The pared-down and simple design of the PowerPod holds obvious appeal for anyone in search of an anti-McMansion – or anyone interested in reducing a personal carbon footprint. In buildings this small (currently they come in 250-,350-, and 450-squre-foot models), it’s easy being green.
“Just by virtue of its size, a PowerPod is green,” Rossi says. “It requires fewer materials to build and less energy to maintain.” And because it’s constructed at a factory, there’s much less disturbance to the land, less waste, and less gas used to fuel big trucks driving to and from a home site with materials and contractors. Team PowerHouse could have stopped there and still marketed the Pods as sustainable design, but it did much more.
“Some of the most important green elements are the materials used,” Rossi says. To wit, Forest Stewardship Council-certified wood framing, low-VOC paints and finishes, and a host of recycled and locally sourced materials.
The pods also feature triple-paned, superinsulating windows low-flow showerheads and water-saving toilets, energy-saving lighting, efficient radiant floor heating, and solar roofs. PowerHouse’s signature solar butterfly roof design – an option for all pods – combines active and passive design. “It offers a solution to the problem of bringing together good solar access for daylight and also space for solar equipment that can heat water and make electricity,” Vale explains, adding that the PowerPod exceeds the criteria for Energy Star certification. All told, he says, living in a PowerPod could reduce your energy needs by as much as 80 percent.
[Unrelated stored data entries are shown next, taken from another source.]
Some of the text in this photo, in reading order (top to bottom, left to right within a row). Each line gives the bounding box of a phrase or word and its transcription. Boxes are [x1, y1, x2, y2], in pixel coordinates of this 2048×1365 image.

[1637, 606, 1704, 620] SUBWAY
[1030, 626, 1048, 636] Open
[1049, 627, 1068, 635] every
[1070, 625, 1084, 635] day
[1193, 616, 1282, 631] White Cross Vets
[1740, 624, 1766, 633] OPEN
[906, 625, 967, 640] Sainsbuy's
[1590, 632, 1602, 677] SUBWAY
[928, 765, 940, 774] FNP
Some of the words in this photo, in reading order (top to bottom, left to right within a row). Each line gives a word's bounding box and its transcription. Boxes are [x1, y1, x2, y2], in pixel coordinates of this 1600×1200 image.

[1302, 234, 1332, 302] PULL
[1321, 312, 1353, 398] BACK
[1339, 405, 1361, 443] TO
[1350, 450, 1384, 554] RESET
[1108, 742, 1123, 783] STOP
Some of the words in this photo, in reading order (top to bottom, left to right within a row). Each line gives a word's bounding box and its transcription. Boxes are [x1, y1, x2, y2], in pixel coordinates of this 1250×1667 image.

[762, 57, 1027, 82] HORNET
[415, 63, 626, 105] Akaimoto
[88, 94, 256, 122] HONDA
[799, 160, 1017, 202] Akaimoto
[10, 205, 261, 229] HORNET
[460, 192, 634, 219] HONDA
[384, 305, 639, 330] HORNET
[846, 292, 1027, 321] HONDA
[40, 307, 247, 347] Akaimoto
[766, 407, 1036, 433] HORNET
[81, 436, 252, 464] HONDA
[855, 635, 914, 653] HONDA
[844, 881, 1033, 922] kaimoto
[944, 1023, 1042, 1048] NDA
In addition to being a kind choice for the planet, PowerPods are kind to their owners in that they significantly reduce the hassles that tend to accompany new home construction. They aren’t quite “plug-and-play architecture,” says Rossi, but you can go from zero to Pod in about six weeks. Of course, that’s after you have taken care of zoning permits and hired a contractor to prepare the site and install the Pod for you. (PowerHouse can suggest contractors, and they provide drawings and detailed explanations of everything that needs to be done.) Delivery takes a week or so. The price isn’t a huge stressor in the grand scheme of real estate, either: PowerPods start at less that $100,000.
“The PowerPod is about being hip and affordable,” Rossi says. “It’s cool green living for the rest of us – you don’t have to be a celebrity with a kazillion dollars to afford it. In the green world, so many of the buildings look like science projects. They are the Brussels sprouts [healthy, but not so appetizing] of architecture. But the PowerPod is personal and fun.”
Seems like good things really do come in small packages.